Oral Presentation GENEMAPPERS 2024

Effective Prioritisation of Novel Genes in Rare Mendelian Diseases through Machine Learning (#37)

Jacob E Munro 1 2 , Mark Bennett 1 2 , Melanie Bahlo 1 2
  1. Population Health and Immunity Division, Walter and Eliza Hall Institute, Melbourne, VIC, Australia
  2. Department of Medical Biology, University of Melbourne, Melbourne, VIC, Australia

The primary challenge in Mendelian disease research lies in identifying pathogenic variants from sequencing data. Researchers typically start with a panel of established disease-associated genes and search for disruptive variants in these genes. Extending the search beyond this panel is difficult and results in many putative causative variants in "genes of uncertain significance" (GUS). Manual evaluation and prioritisation of these GUS is challenging and laborious, and for larger disease cohorts is often intractable. Here, we explore machine learning approaches to prioritise novel genes based on a panel of established disease-associated genes. Our flexible methodology, PanRank, integrates multiple knowledge domains including Gene Ontology, genic intolerance metrics from population databases (gnomAD), gene expression from GTEx and protein-protein interaction from STRING alongside a panel of disease-associated genes. The resulting model generates rankings for putative disease-associated genes, and clusters known and putative disease genes into modules based on similarity.

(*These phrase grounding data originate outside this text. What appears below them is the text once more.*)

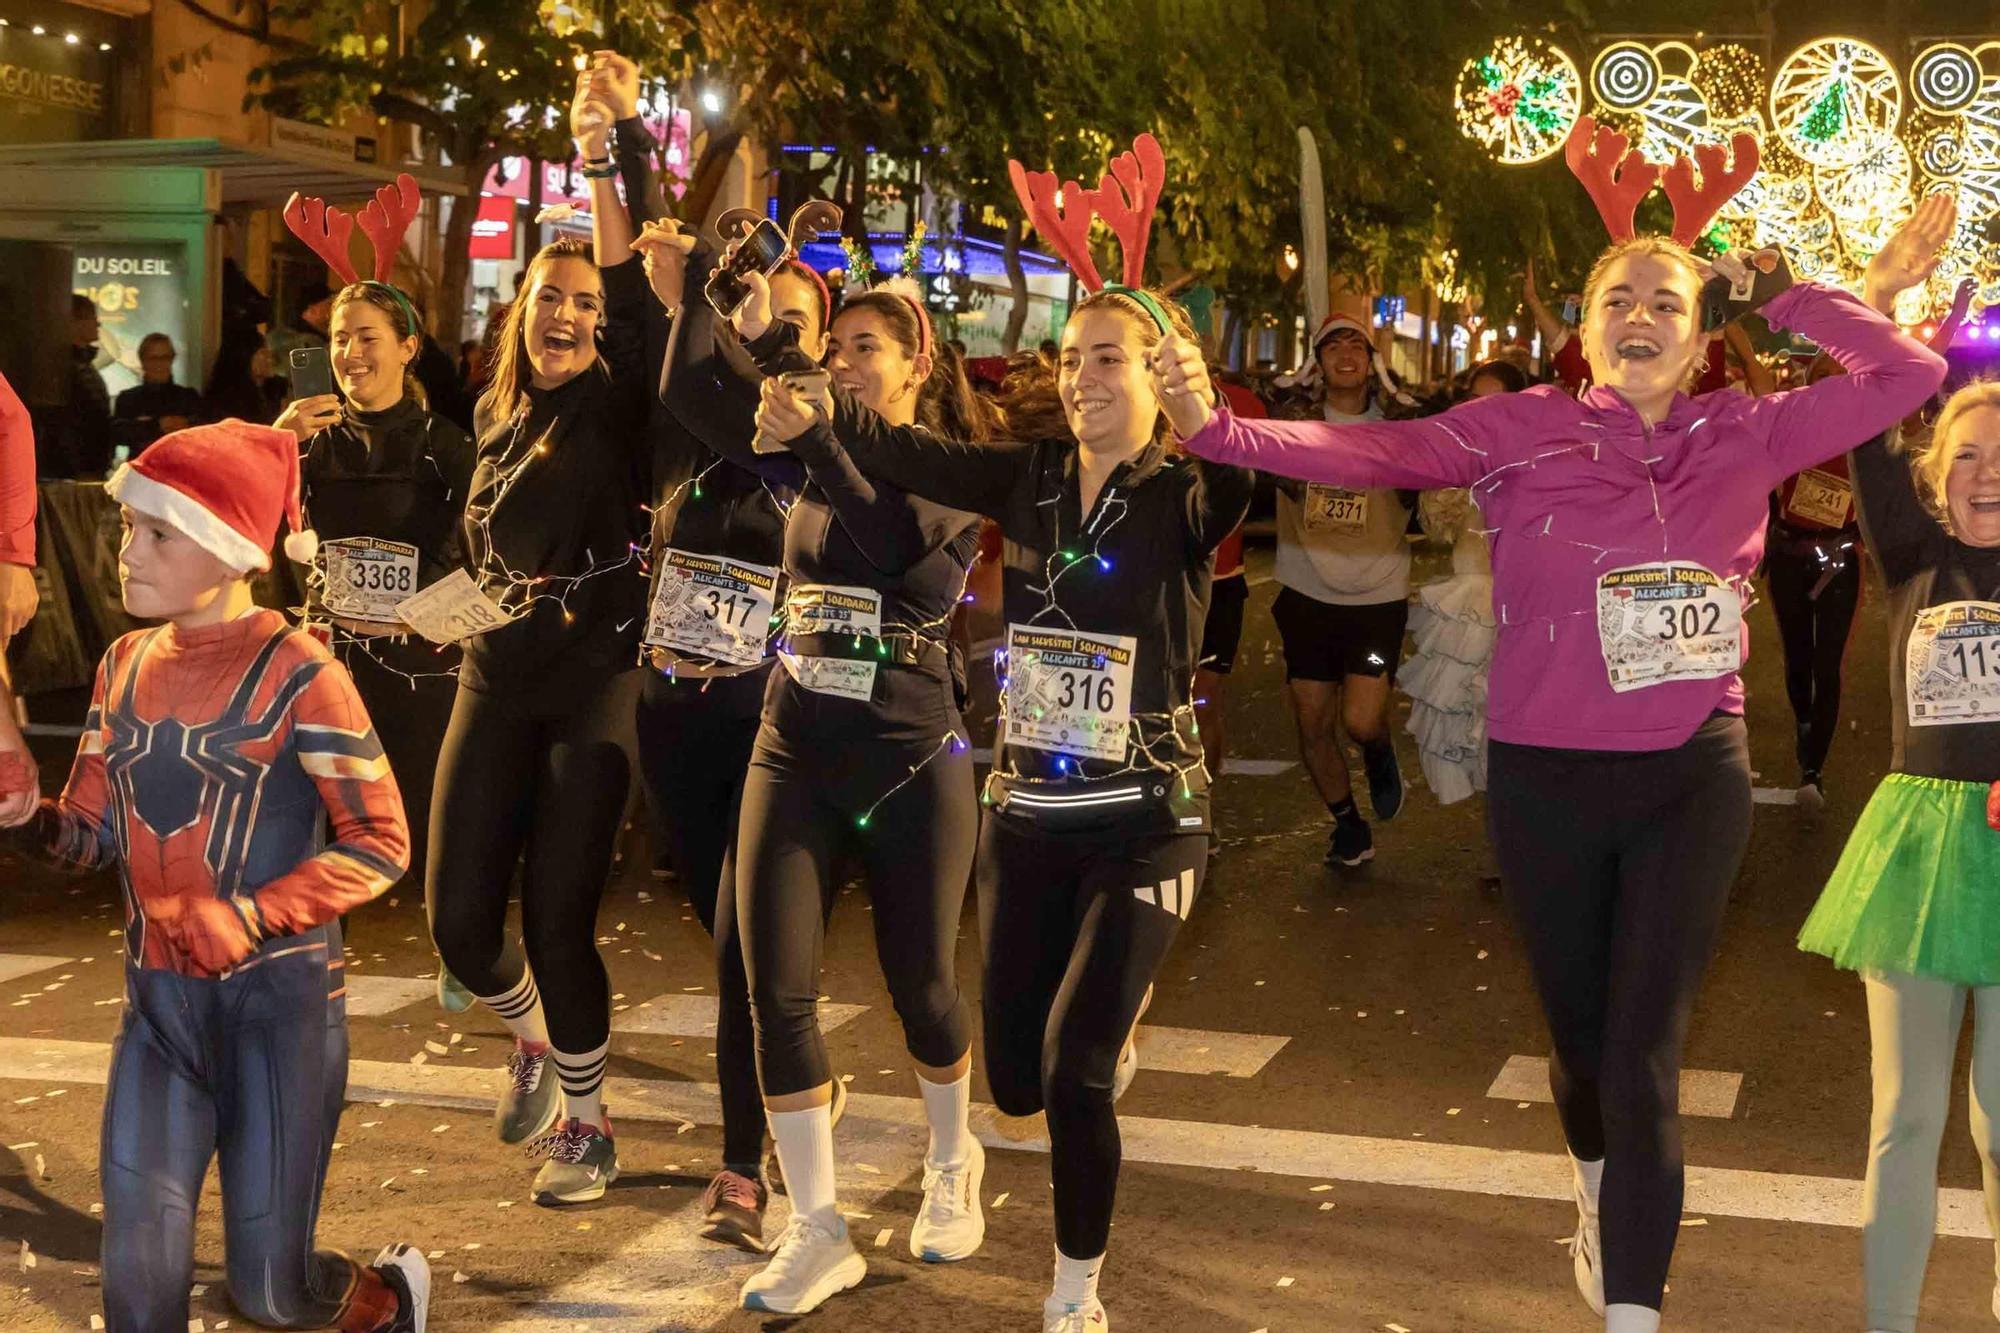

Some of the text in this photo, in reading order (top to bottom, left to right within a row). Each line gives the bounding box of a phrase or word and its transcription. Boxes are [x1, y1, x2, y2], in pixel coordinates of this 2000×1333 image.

[77, 257, 171, 276] DU SOLEIL
[1815, 489, 1842, 509] 241
[1326, 500, 1362, 521] 2371
[375, 541, 413, 558] SOLIDARIA
[353, 562, 411, 592] 3368
[670, 554, 772, 588] SAN SILVESTRE SOLIDARIA
[1622, 572, 1668, 584] SILVESTRE
[694, 573, 735, 590] ALICANTE
[826, 594, 875, 612] SOLIDARIA
[1635, 586, 1687, 600] ALICANTE
[703, 590, 759, 628] 317
[1659, 602, 1721, 641] 302
[1014, 634, 1128, 663] SAN SILVESTRE SOLIDARIA
[1042, 654, 1088, 667] ALICANTE
[1057, 671, 1115, 713] 316

To demonstrate the utility of our approach, we focus on prioritising novel genes for Epilepsy and compare gene rankings to the competing tool GLOWgenes1. Epilepsy is a heterogenous disease with nearly 1,000 Mendelian disease associated genes in the curated Genes4Epilepsy panel2. We trained both tools using dominant and recessive genes from Genes4Epilepsy and validated the performance on a hold-out set of recently discovered epilepsy genes. Both tools showed an enrichment of high rankings for the hold-out sets, with PanRank performing significantly better than GLOWgenes for dominantly inherited genes. For dominantly inherited epilepsy genes, the search-space can be limited to the top scoring ~10% of genes with PanRank and the top ~20% with GLOWgenes. By substantially reducing the search-space for new disease-gene associations, our approach enables researchers to focus efforts on segregating and functionally validating variants in GUS that are more likely to cause disease.

  1. de la Fuente, Lorena, et al. "Prioritization of new candidate genes for rare genetic diseases by a disease-aware evaluation of heterogeneous molecular networks." International Journal of Molecular Sciences 24.2 (2023): 1661.
  2. Oliver, Karen L., et al. "Genes4Epilepsy: an epilepsy gene resource." Epilepsia 64.5 (2023): 1368-1375.